Year 10974 (1674 A.D.)

The two prone figures lay in the centre of the scorched field. Any grass or trees were either ashes or twisted souls looking on at the slaughter. Bodies lay all around as tendrils of smoke caressed their cold limbs, moving slowly across the horseshoe-shaped crater. The southern edge of the landscape gave way to a dense forest, whose trees were melded together in a brown and green weave that looked impenetrable.

The walls on the east and west of the crater rose high over the death and destruction, slowly falling at the northern edge where a raging river cut through the land on its way to the sea. The sunset obscured by a thick blanket of cloud gave the crater a claustrophobic effect. The birds that circled overhead or that sat in the branches of the trees, looked on with interest, their caw-cawing the only noise to be heard apart from the crackle of tinder.

A giant rook landed on a blackened, twisted limb of a tree near the centre of the field, its beady red eyes searching out the best option for a quick meal. It knew what lay around him - meat was meat whether dead or undead. The bird hopped down from his perch onto a headless corpse, poking his beak into the cold yellow flesh where the head once rested. Slithers of meat were pulled away from the ragged stump as the rook feasted as fast as he could - before something saw him as a meal option too.

The rook ignored the two corpses further on that lay almost touching. Their capes and tunics distinguishing them from the rest of the carnage. Both bodies were missing limbs. One had lost an arm and both legs below the knee, along with several gaping wounds across the body. The head almost severed - only the spinal cord barely held it in place as it lolled unnaturally to one side.

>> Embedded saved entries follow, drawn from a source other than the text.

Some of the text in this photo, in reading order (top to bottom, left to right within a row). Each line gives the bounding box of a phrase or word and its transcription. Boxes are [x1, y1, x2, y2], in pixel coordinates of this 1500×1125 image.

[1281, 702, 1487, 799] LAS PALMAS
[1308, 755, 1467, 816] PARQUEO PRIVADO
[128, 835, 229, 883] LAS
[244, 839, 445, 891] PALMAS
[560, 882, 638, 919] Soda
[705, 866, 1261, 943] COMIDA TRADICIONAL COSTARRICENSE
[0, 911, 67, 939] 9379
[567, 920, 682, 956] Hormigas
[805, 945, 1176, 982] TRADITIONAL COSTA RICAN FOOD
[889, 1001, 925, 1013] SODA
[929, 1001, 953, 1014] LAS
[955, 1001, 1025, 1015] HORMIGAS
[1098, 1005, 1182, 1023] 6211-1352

The white tunic was now no more than a bloodied rag. The eagle emblem across the chest covered in chunks of flesh and smears of charred earth. The other corpse had lost a hand and half its left leg. Its body was almost free of punctures, except for one in its chest that still had the sword that inflicted the wound lodged there. The black tunic was also covered in blood, the large blade had skewered the red spider in the centre of its chest.

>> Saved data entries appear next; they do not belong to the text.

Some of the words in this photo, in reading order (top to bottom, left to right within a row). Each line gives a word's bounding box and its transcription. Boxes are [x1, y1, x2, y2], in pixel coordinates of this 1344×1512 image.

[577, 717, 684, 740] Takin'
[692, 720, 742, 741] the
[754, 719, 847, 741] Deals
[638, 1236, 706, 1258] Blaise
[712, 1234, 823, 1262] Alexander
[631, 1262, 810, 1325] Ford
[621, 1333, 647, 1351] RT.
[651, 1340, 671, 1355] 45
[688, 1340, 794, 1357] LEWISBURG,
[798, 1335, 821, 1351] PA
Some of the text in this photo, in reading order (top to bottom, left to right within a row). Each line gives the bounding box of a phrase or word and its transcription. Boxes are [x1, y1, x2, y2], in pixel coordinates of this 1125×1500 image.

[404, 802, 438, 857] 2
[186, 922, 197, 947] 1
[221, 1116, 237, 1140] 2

The battle was over for now. The next stage of the war was about to begin.

Hibernation.

On opposite ends of the tree line, two groups walked through the smoke towards the prone figures. Their heads bowed as they trooped towards their masters. Two figures split from the packs, coming together in front of the bodies, one dressed in red, one in black.

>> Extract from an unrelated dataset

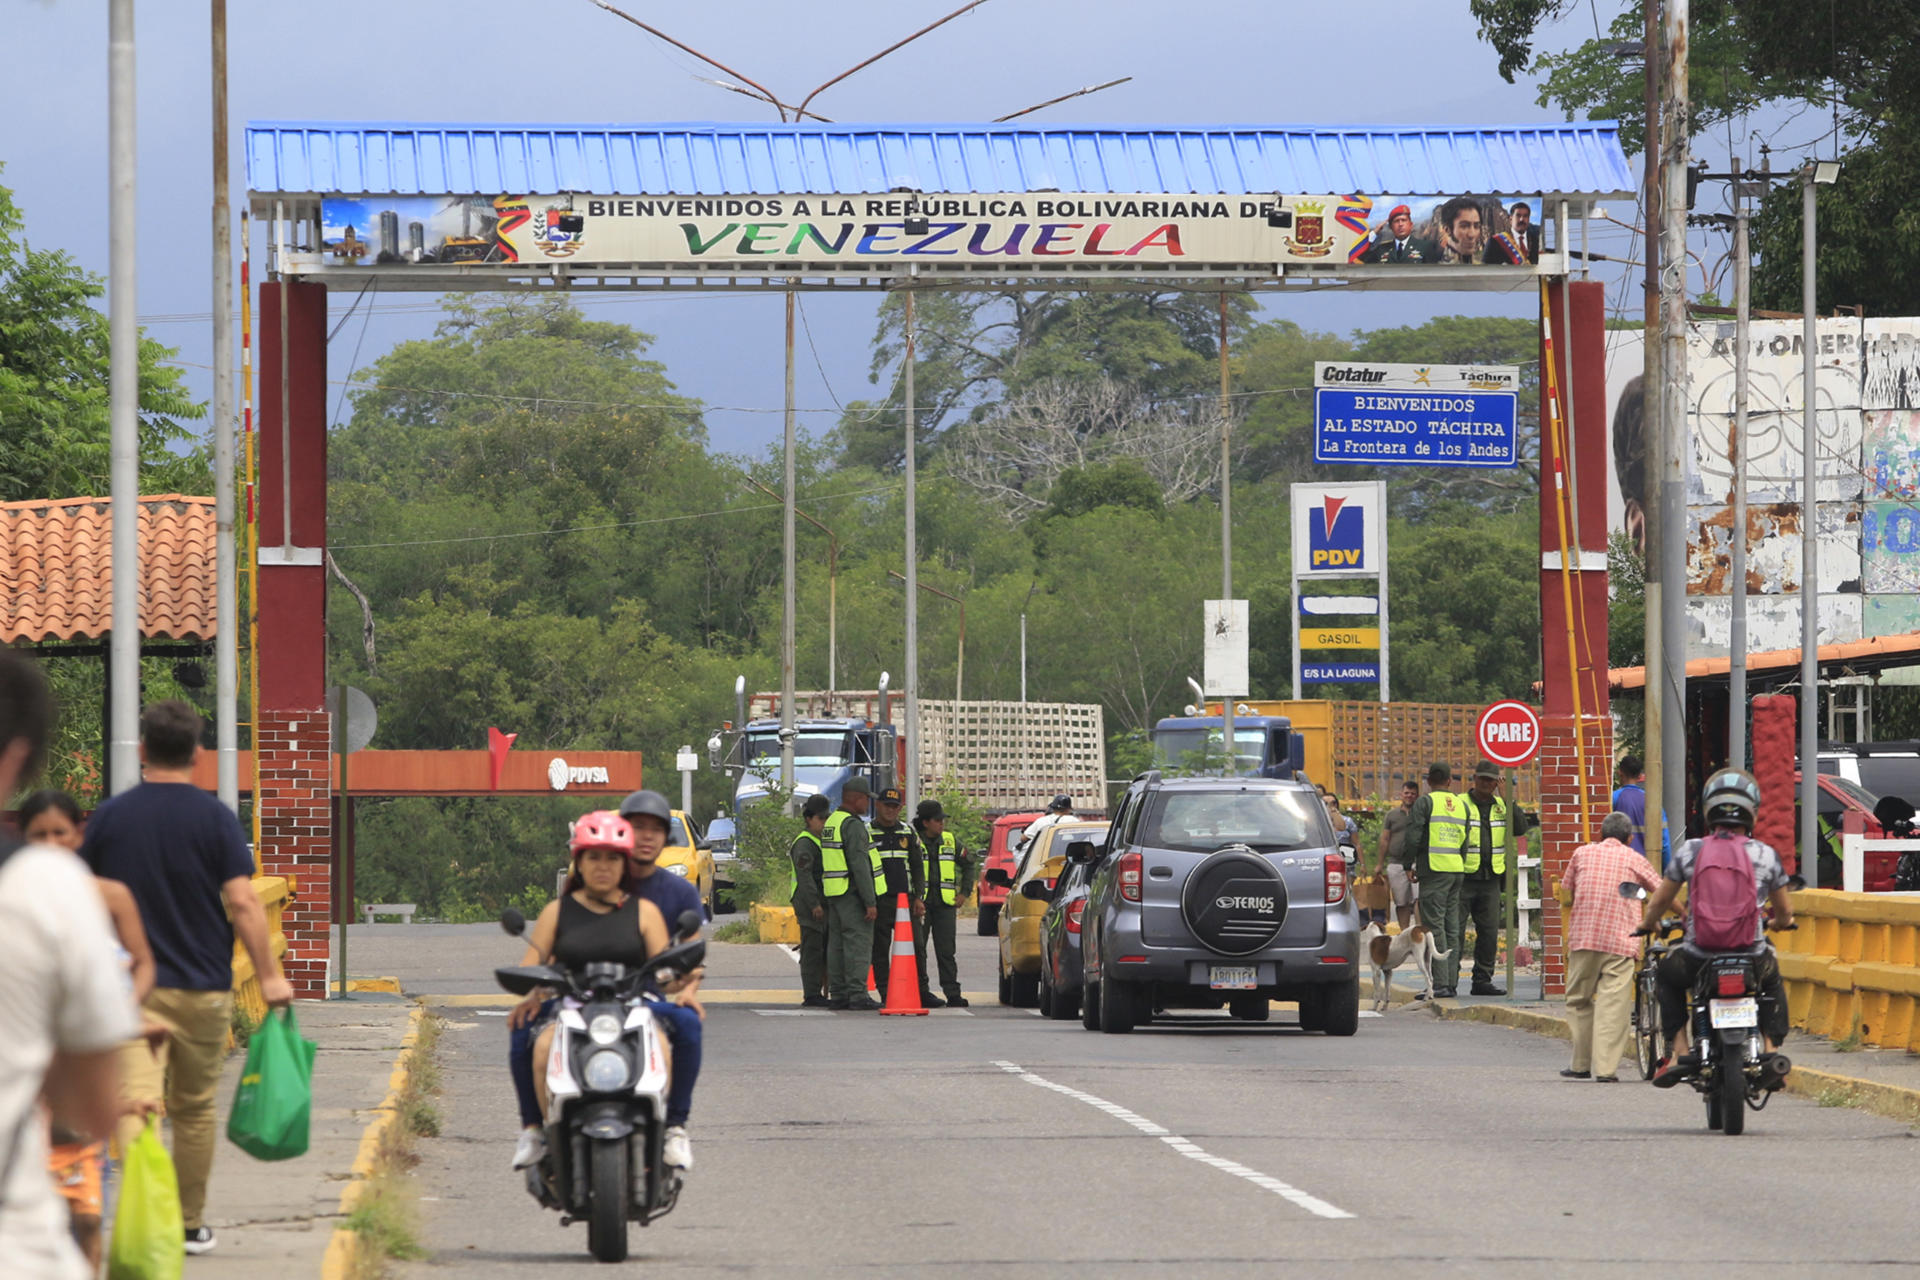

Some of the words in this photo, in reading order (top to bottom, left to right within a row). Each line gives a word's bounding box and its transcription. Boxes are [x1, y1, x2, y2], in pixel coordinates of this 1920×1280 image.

“Looks like a dead tie. Pardon the pun, Elias,” the figure in black whispered.

“So, it would seem, Torg,” the red-clad figure said. They removed their hoods to address each other face to face.

White skin meeting grey skin. Fangs facing tusks.

The larger black figure looked at the pitiful remains on the floor.

“This will take some time. Let's hope next time they meet it's finished once and for all. Then our Master will rule both lands, and maybe one day the other places too. When that day comes my, dear Elias, you'll bow down to him.”

“In your dreams, Torg,” the red figure spat. “Next time we'll be ready. He'll be stronger. Things are already in place. The race is on to see who wakes first, my friend.”

They beckoned their respective groups forward, hurrying to their masters, a stretcher being laid next to each of them. Carefully, they hoisted the bodies into the gurneys before setting to work binding the lost limbs back into place. The severed head was bound with strips of damp cloth and two wooden splints to hold it in place for the journey home, the limbs likewise until both groups gave a series of satisfied grunts and nods. The sword that protruded from the black figure's chest was left in place for fear of doing more damage by removing it.

“Deliver that back when the time is upon us, for Korgan will not miss the mark next time. Once he's slain his brother, he will close the doors to your land for eternity. Then you can feed only on the mutant beasts that roam that place. Let's see if that satisfies your hunger.”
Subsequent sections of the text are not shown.